Records for this task Start Marker
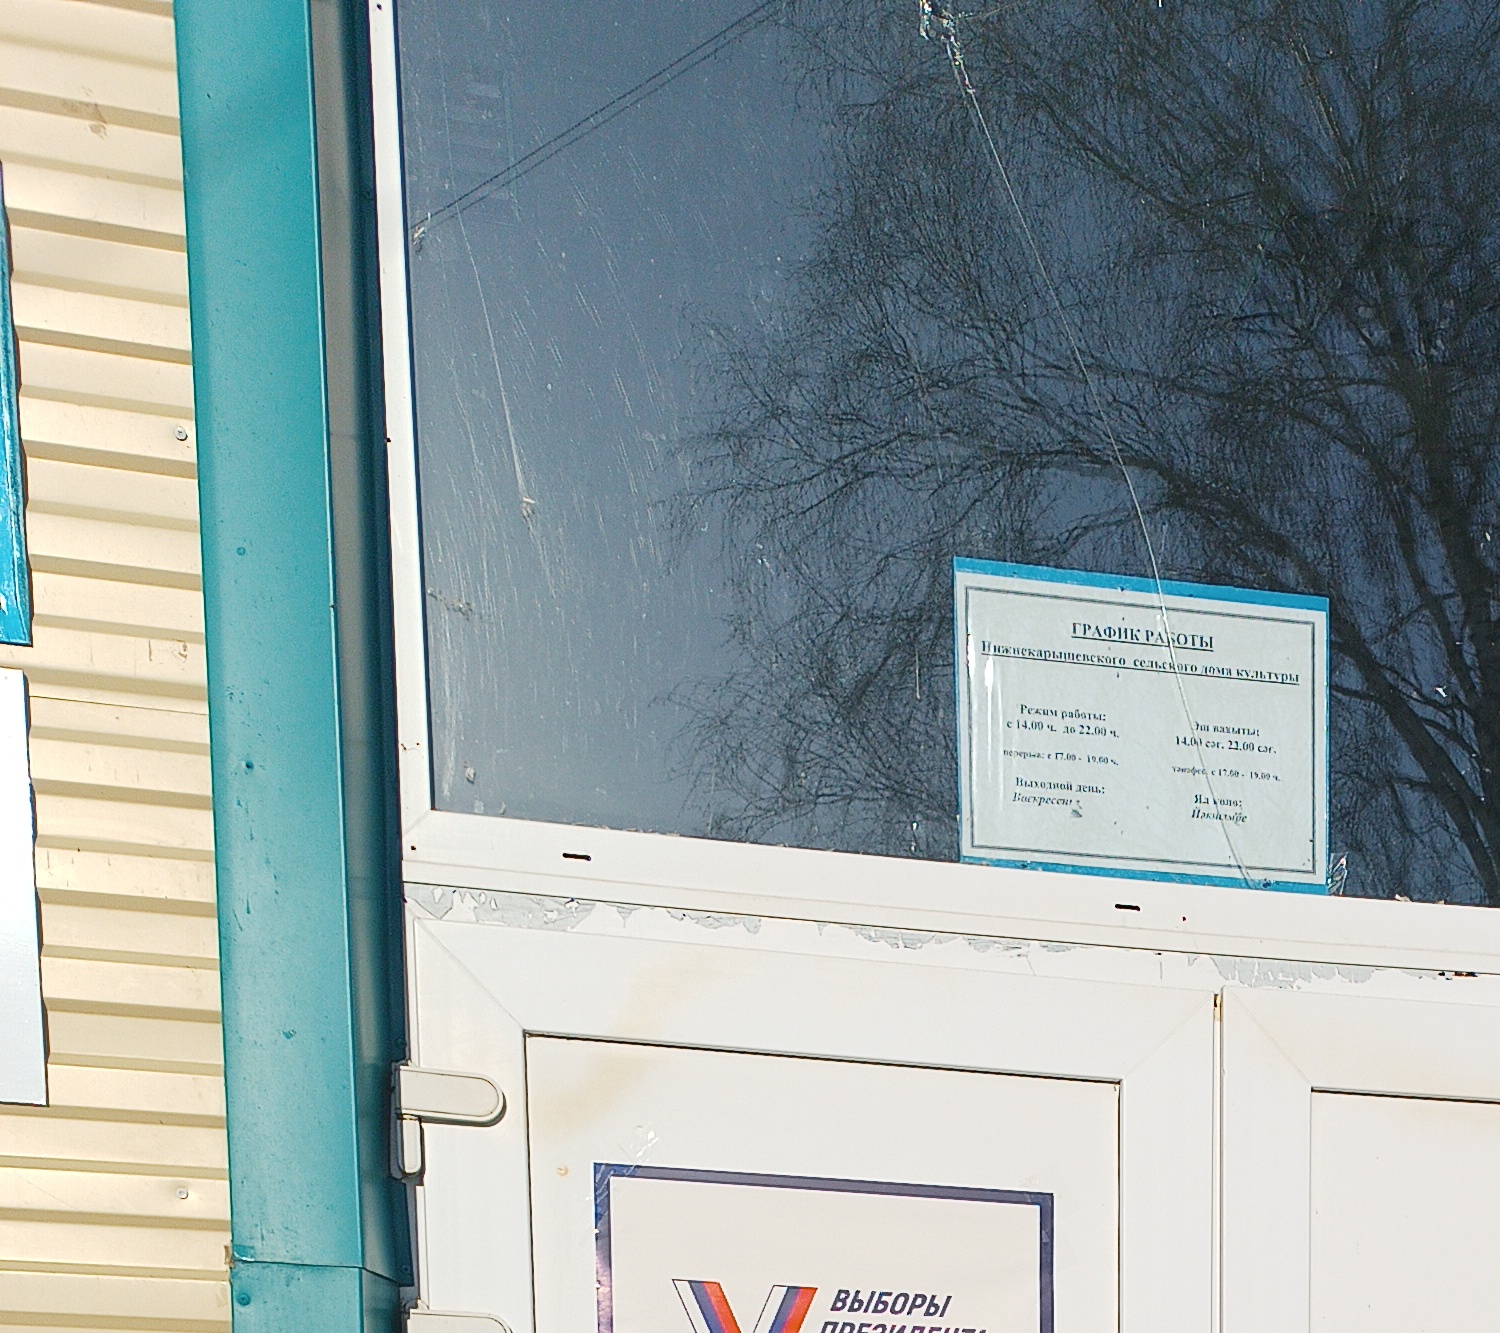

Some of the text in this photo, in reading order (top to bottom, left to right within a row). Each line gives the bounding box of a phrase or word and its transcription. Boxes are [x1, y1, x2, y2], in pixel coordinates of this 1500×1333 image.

[1072, 622, 1214, 649] ГРАФИК РАБОТЫ
[981, 640, 1300, 684] Нижнекарышевского сельского дома культуры
[1020, 703, 1106, 722] Режим работы:
[1006, 720, 1013, 729] с
[1016, 719, 1044, 731] 14.00
[1062, 725, 1076, 735] до
[1078, 724, 1107, 737] 22.00
[1175, 735, 1203, 748] 14.00
[1015, 776, 1073, 792] Выходной
[829, 1288, 953, 1318] ВЫБОРЫ
Records for this task End Marker
* _Exercise prompt_
Only the records, copied exactly and free of pictures, belong in the answer.

* _Task result_
Some of the text in this photo, in reading order (top to bottom, left to right within a row). Each line gives the bounding box of a phrase or word and its transcription. Boxes are [x1, y1, x2, y2], in pixel coordinates of this 1500×1333 image.

[1072, 622, 1214, 649] ГРАФИК РАБОТЫ
[981, 640, 1300, 684] Нижнекарышевского сельского дома культуры
[1020, 703, 1106, 722] Режим работы:
[1006, 720, 1013, 729] с
[1016, 719, 1044, 731] 14.00
[1062, 725, 1076, 735] до
[1078, 724, 1107, 737] 22.00
[1175, 735, 1203, 748] 14.00
[1015, 776, 1073, 792] Выходной
[829, 1288, 953, 1318] ВЫБОРЫ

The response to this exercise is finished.